Today I will go through two of the last rootkit packers I analyzed recently.
The first is a TDL3 rootkit (654f4a3d02f7cc4b0442a5fee44419d948fa0048) 1/40 on VT (as of 12 Oct) which is consistent with the recent timestamp.
From a first analysis it shows some weird characteristics:
1. contains multiple resources (which is weird for drivers, if you exclude the version info), one in particular ARCHIVE looks very suspicious
2. exports two functions: _CreateCompressedBuffer@0 and _WriteCompressedBuffer@4
3. tries to spoof a legit VMWare driver
Looking at the code confirms that something is not quite right
the presence of fake APIs, so common now in usermode packers, also in kernel packers is new (to me). The code itself is simple to follow and doesn’t employ any obfuscation, the resource we spotted before (ARCHIVE), which contains part of the original driver, is loaded, decrypted and mapped.

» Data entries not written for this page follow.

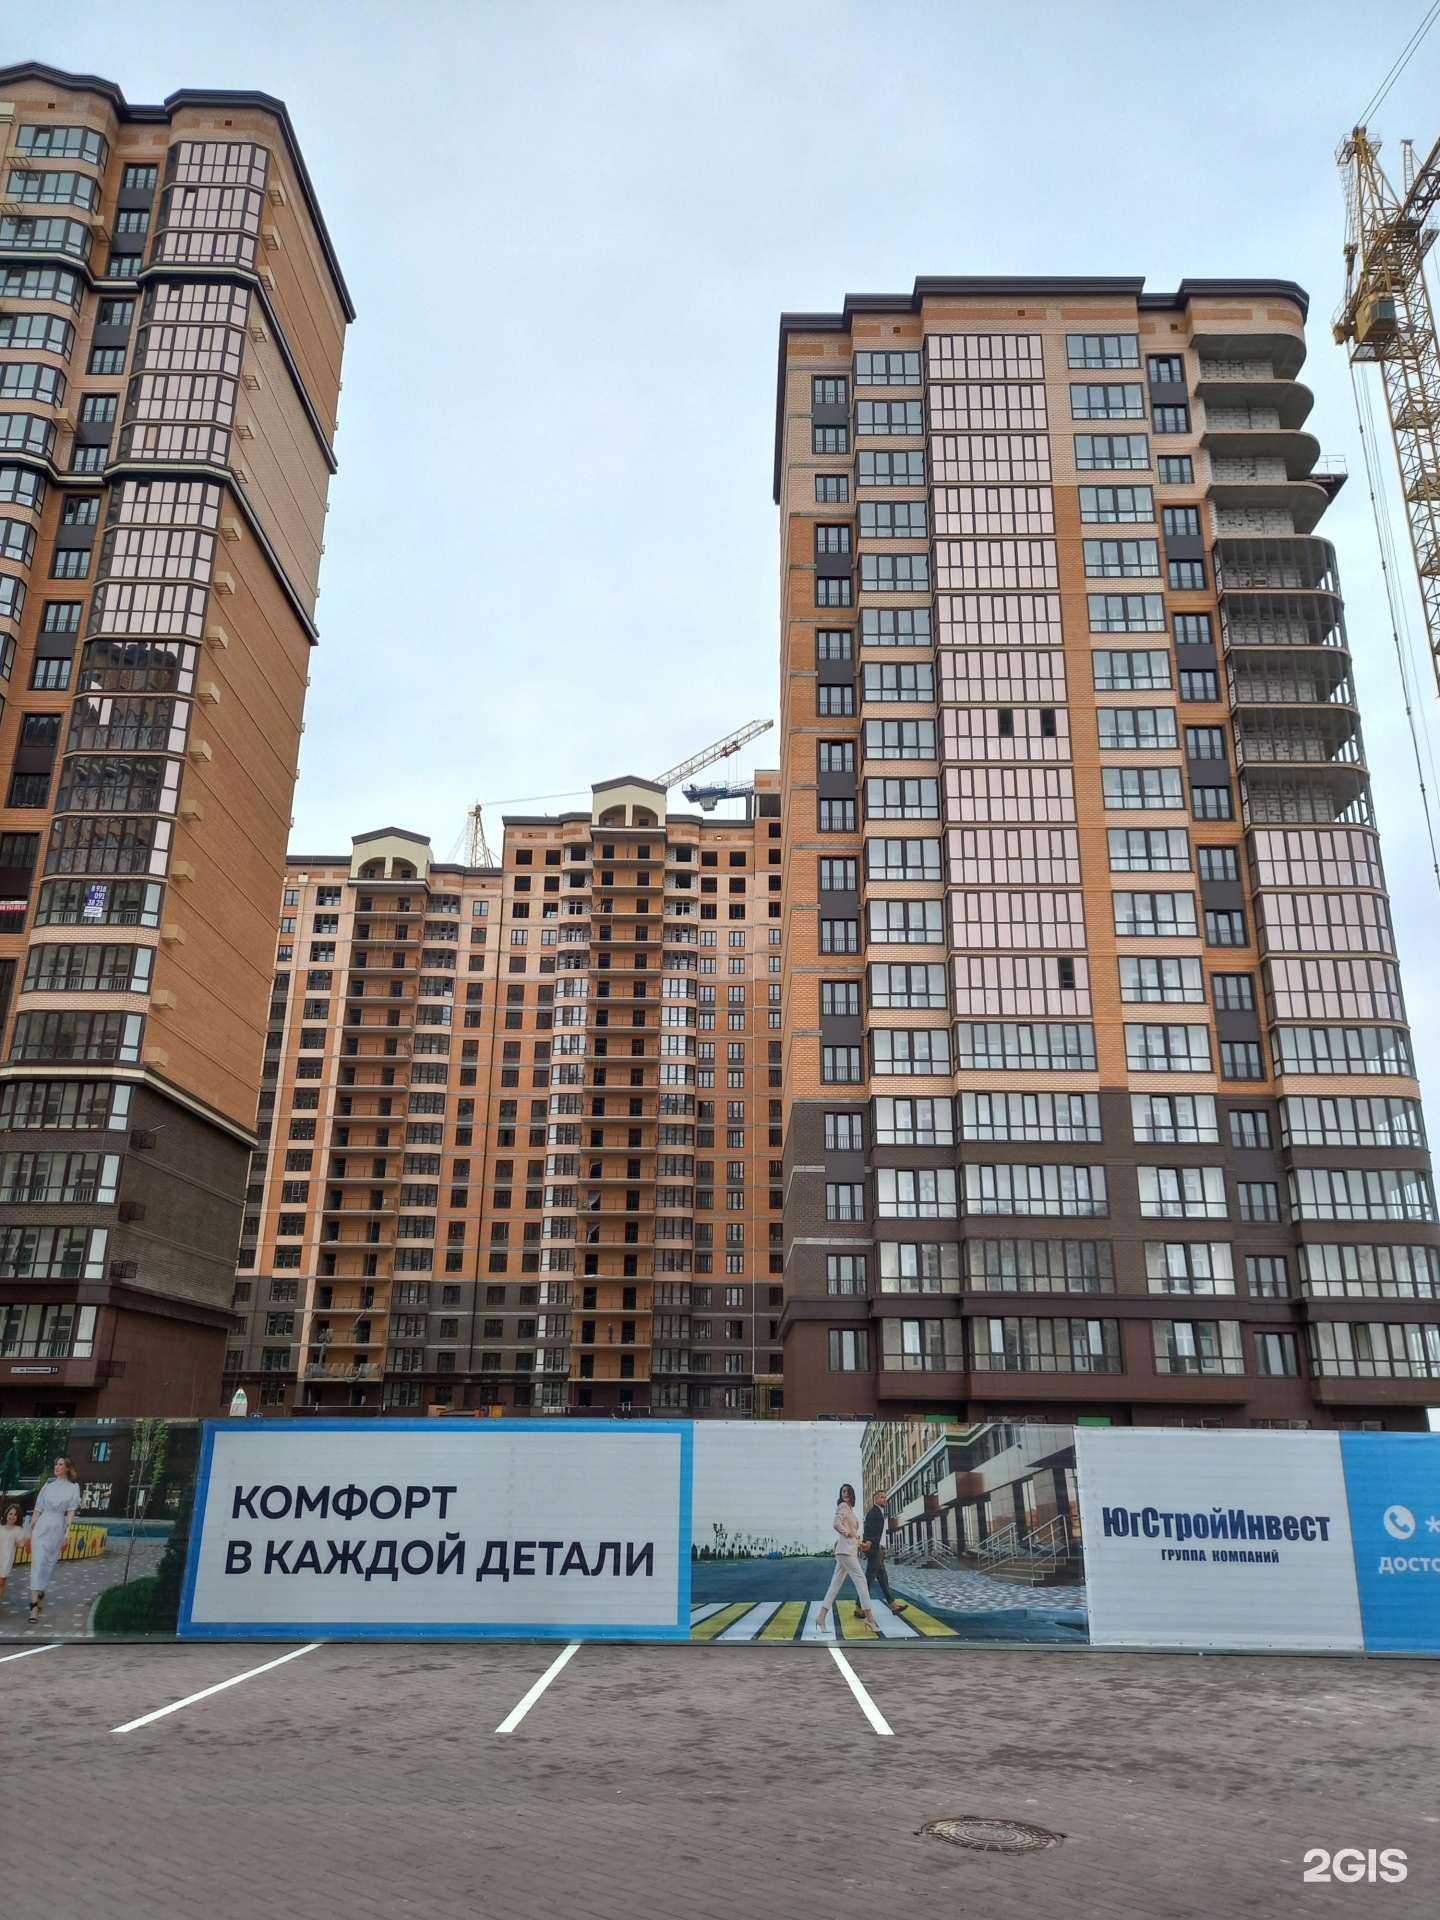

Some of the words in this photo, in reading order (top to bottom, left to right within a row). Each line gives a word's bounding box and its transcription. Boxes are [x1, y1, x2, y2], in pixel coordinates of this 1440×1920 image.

[231, 1483, 458, 1521] КОМФОРТ
[1101, 1506, 1331, 1542] ЮгСтройИнвест
[224, 1540, 253, 1575] В
[263, 1531, 466, 1582] КАЖДОЙ
[475, 1540, 654, 1582] ДЕТАЛИ
[1161, 1548, 1207, 1562] ГРУППА
[1212, 1549, 1280, 1564] КОМПАНИЙ

Few things to note is that the bulk of the original driver (contained in the resource data) is prefixed by 1000h bytes, taken from the start of the .PAGE section, before the decryption takes place (also the first 100h 0s of the resource are discarded). Splitting the original packed executable into multiple chunks that are glued together in memory is a common technique.

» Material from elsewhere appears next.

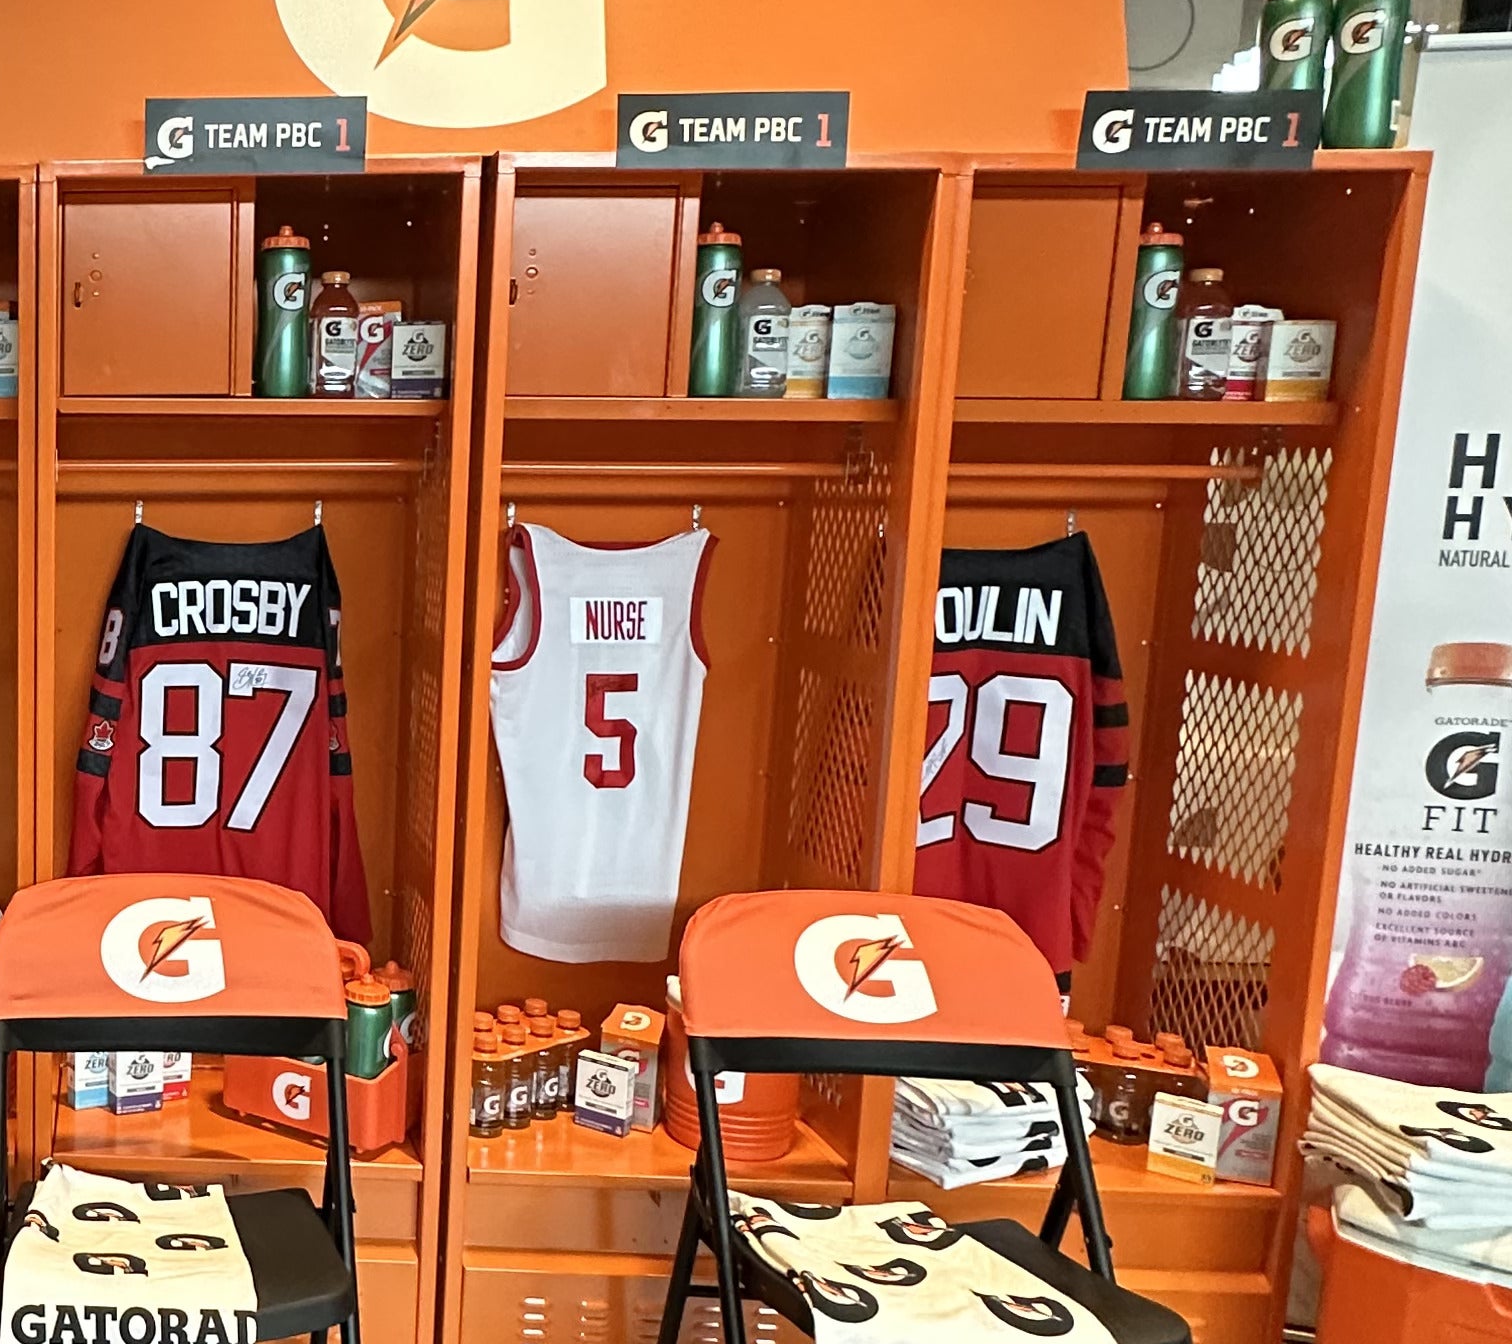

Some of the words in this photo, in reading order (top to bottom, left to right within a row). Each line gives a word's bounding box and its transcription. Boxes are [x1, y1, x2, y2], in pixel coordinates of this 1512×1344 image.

Also the decryption stage is somewhat characteristic: instead of modifying the bytes, they’re just shuffled, and in this phase the bytes are reordered to reconstruct the original form, this approach has the benefit of preserving the statistical properties of the data (i.e. no peeks in entropy).
The second one (cc700b59d1e2b8251484798903d538a2e87f9799) is more complex and also has a low detection 2/41 (15 Oct), it starts with a nice anti-emulation trick
.text:10002BE5 push ebp .text:10002BE6 mov ebp, esp .text:10002BE8 push cs // CS = 8h .text:10002BE9 call sub_10002C02 .text:10002BEE retn sub_10002C02: [...] .text:10002C05 mov eax, [ebp+arg_0] .text:10002C08 and eax, 3 ; .text:10002C0B add dword ptr [eax+ebp+4], 1 // increments ret address
as you can see the control flow is redirected to correct function (starting at 10002BEF) only if the value of eax at 10002C0B is 0, which happens when CS is 8h (as should be in kernel mode) but fails if for some reason you have 1bh like in usermode, so emulators should set this register properly.
After this initial check it’s pretty much like most of the packers out there, decrypts and transfers control to a chunk of code which performs the bulk of unpacking: loads the original binary decompress it with aplib, decrypts and then maps into memory (for those that are interested here the python script to resolve imports by hash, for those that don’t have better means to do the same ;) ).
the hidden treasure at the end of the unpacking is a spambot totally implemented in kernel, plus basic rootkit functionalities (hiding files), looking on google for the IP (currently down) and /blog/candy.php points to some malware samples widely detected, just not the kernel version :)
In conclusion driver packers are not yet comparable to their usermode cousins but for sure we can expect in the future an increase in complexity and porting of anti-debugging techniques also to kernelmode.